━━ Extracted data

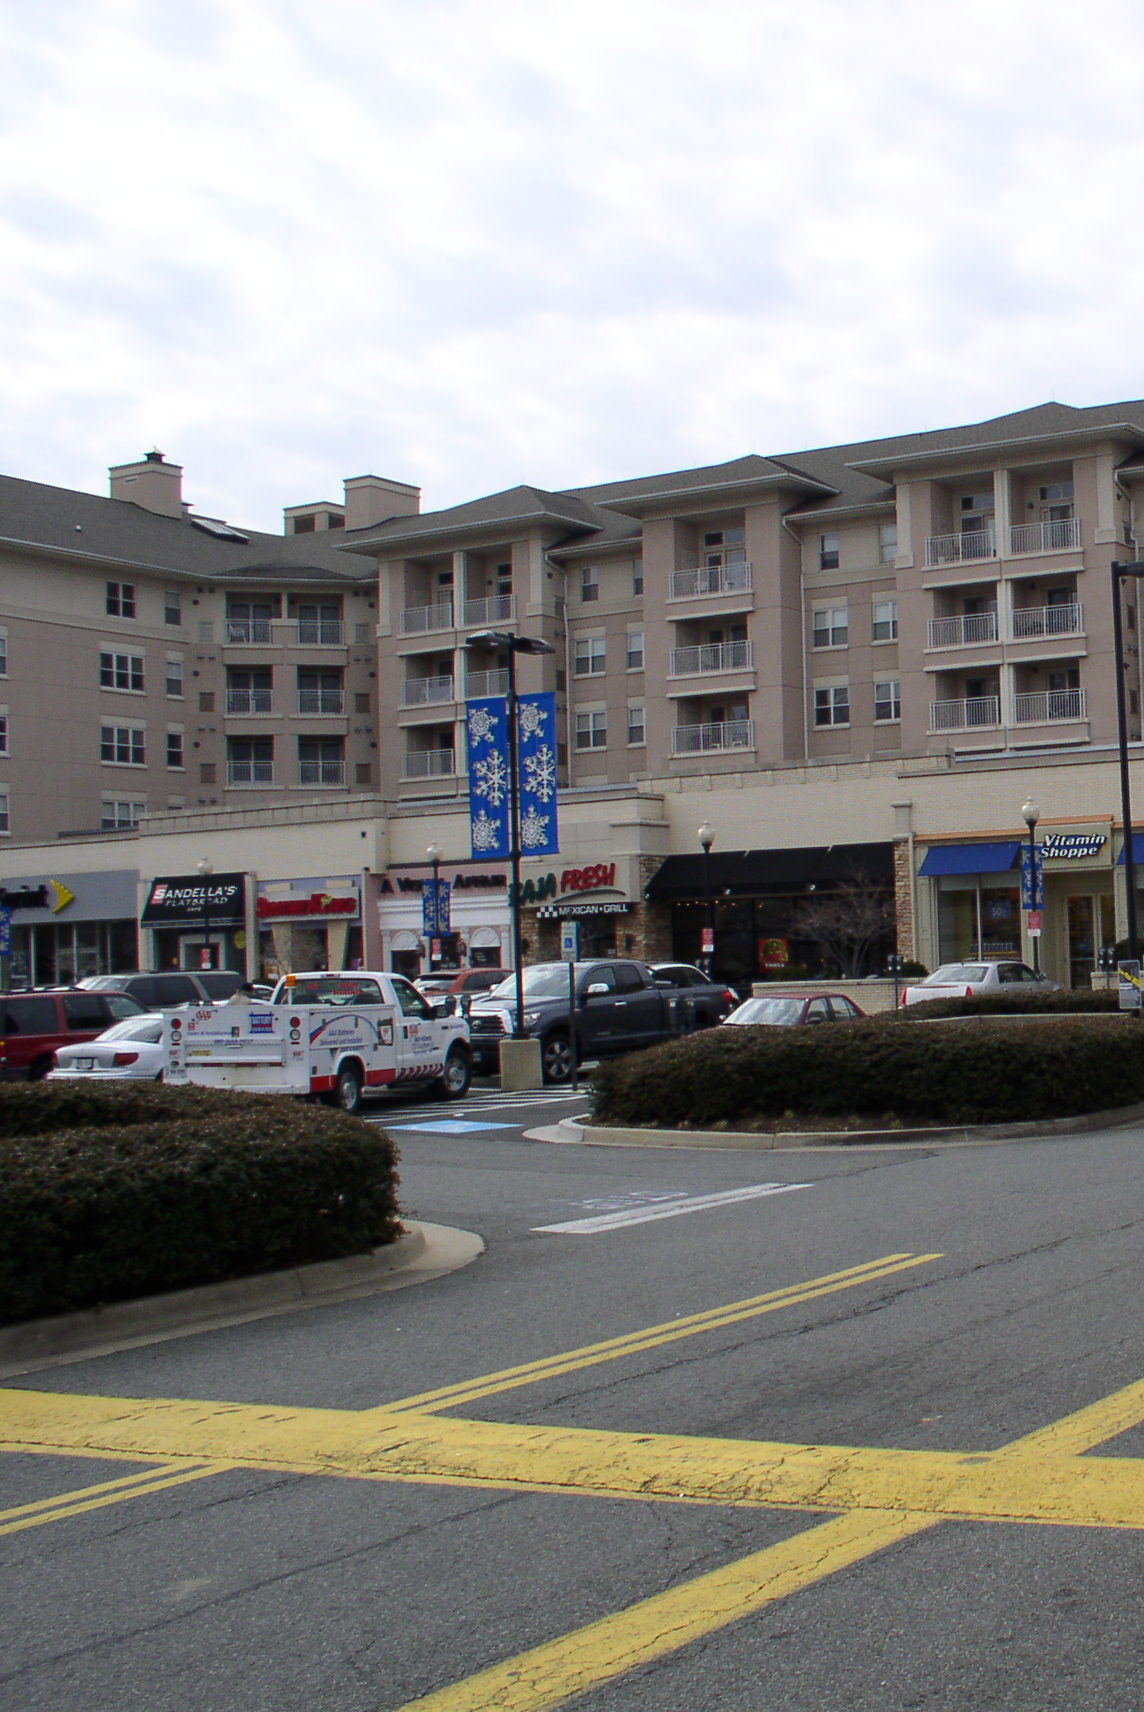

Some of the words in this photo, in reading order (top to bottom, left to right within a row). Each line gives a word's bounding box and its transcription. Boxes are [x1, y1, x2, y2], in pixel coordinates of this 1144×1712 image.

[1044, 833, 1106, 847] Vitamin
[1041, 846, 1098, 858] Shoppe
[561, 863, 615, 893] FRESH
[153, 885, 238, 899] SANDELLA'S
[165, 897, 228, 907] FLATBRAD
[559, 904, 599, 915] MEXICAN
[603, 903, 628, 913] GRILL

━━━━

• [Exercise instructions]: The records above should be written out exactly, and the images dropped.

• [Answer area]:
Some of the words in this photo, in reading order (top to bottom, left to right within a row). Each line gives a word's bounding box and its transcription. Boxes are [x1, y1, x2, y2], in pixel coordinates of this 1144×1712 image.

[1044, 833, 1106, 847] Vitamin
[1041, 846, 1098, 858] Shoppe
[561, 863, 615, 893] FRESH
[153, 885, 238, 899] SANDELLA'S
[165, 897, 228, 907] FLATBRAD
[559, 904, 599, 915] MEXICAN
[603, 903, 628, 913] GRILL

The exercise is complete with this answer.